Patriots 28-Lions 21
For reasons no one inside or outside the game can explain, every NFL team turns in one complete stinkbomb of a game each season. From the eventual Super Bowl champion to the eventual holder of next April's number one draft pick, all 32 clubs put together an effort far, far below their normal level of performance, even if that level already was in the sub-basement.Ordinarily the stinkbombers lose said game by a substantial margin. But not always. Occasionally, they triumph over a foe that has its own shoelaces tied together that given Sunday.
This strikes me as the most plausible explanation of New England's slipshod play in its win over Detroit.
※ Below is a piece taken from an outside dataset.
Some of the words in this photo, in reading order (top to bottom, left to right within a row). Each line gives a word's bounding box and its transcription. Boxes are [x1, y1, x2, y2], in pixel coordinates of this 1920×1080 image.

The Lions' Doom Mojo is one of the NFL's most terrifying supernatural powers. Each time the Lions were in position to take control and gain the upset, one could see the question mark thought balloons over all their heads. How're we gonna blow this one? The thought, of course, immediately fathered the deed.
The analysis I DON'T believe is the notion suggested by my former colleagues at the Globe and Herald who felt the Pats repeated the same errors they committed against the Bears the week before. The two contests can't be compared. The Bears force errors. It's how they win. Nobody plays Chicago without committing turnovers and bad plays. Blunders against Detroit are pure double-faults. They're on you.
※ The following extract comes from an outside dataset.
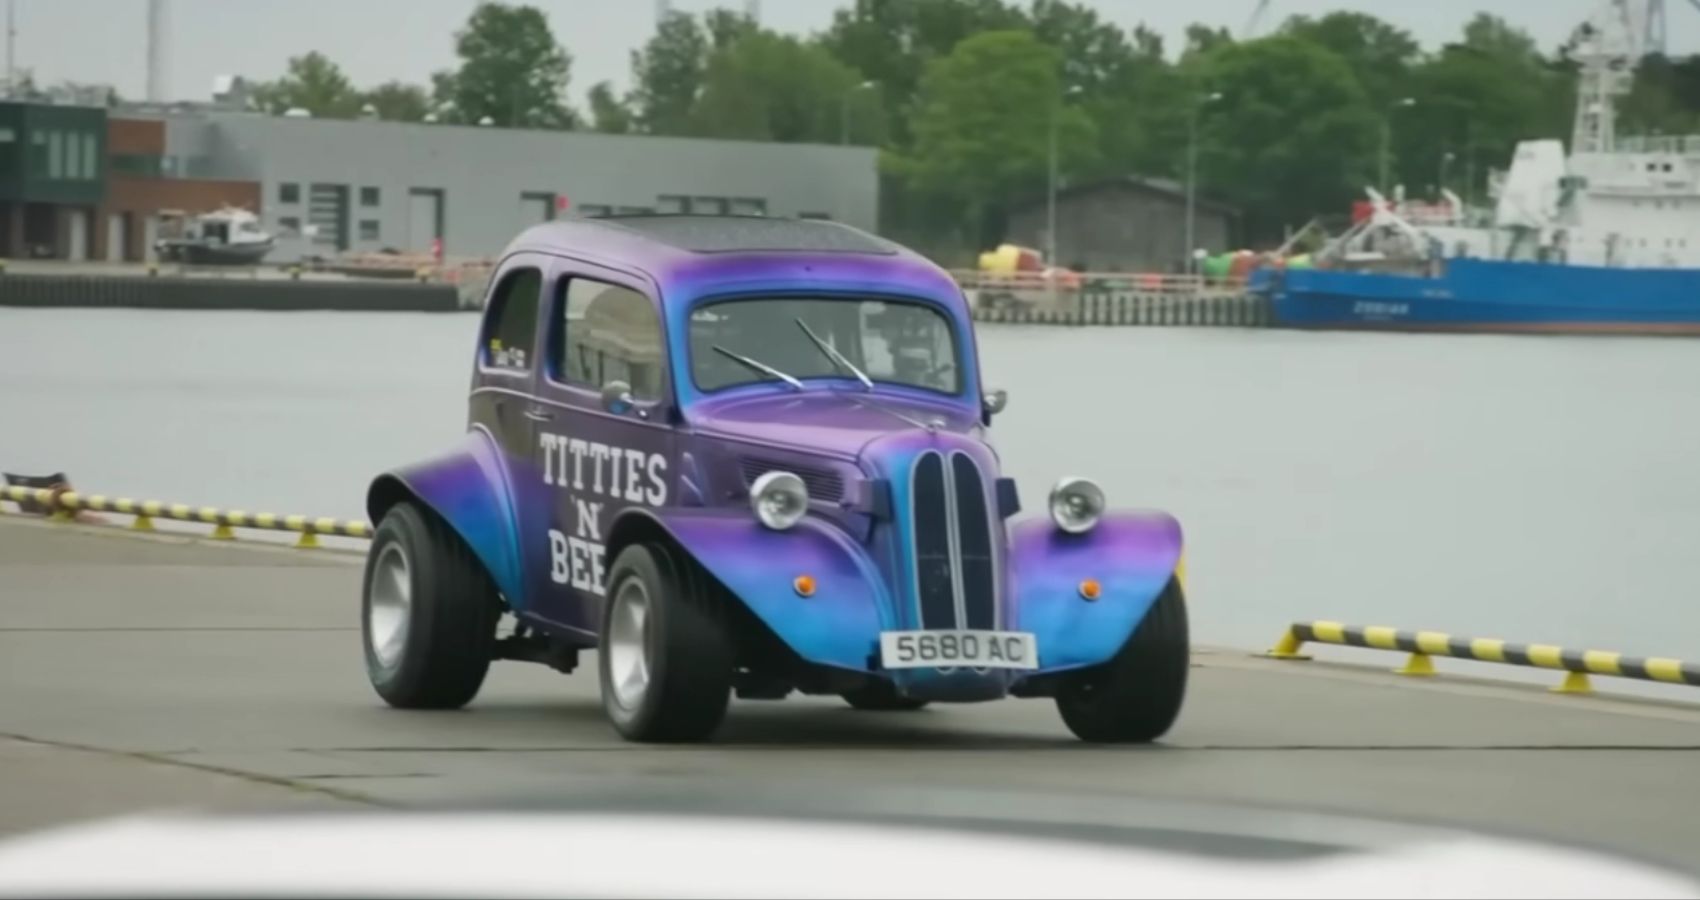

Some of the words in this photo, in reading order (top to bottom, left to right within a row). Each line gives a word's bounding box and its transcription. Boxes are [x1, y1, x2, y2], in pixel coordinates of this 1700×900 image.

[540, 432, 667, 506] TITTIES
[548, 529, 606, 596] BEE
[897, 634, 979, 661] 5680
[988, 636, 1022, 662] AC
Coming away from one's annual horror show with a W is a splendid stroke of luck for a team with post-season expectations. The three Super Bowl champions Pats' teams of the Belichick-Brady era didn't manage the feat (2001: Dolphins 30-Pats 6, 2003: Bills 31-Pats 0, 2004: Dolphins 29-Pats 28). The question is, however, was this indeed New England's given Sunday of ineptitude? Although the Pats concentrated their playmaking into short bursts at the end of the second and fourth quarters, they made quite a few of them in those spans.
Patriot optimists are entitled to point out the champion's address is usually the intersection of Luck and Talent, and to add one team yet to turn in ITS stinkbomb is the Colts, leader of the AFC seeding chase. Pessimists may counter that through the decades, no place has seen more New England stinkbombs than the Dolphins' home field in Miami-the Pats' destination this Sunday.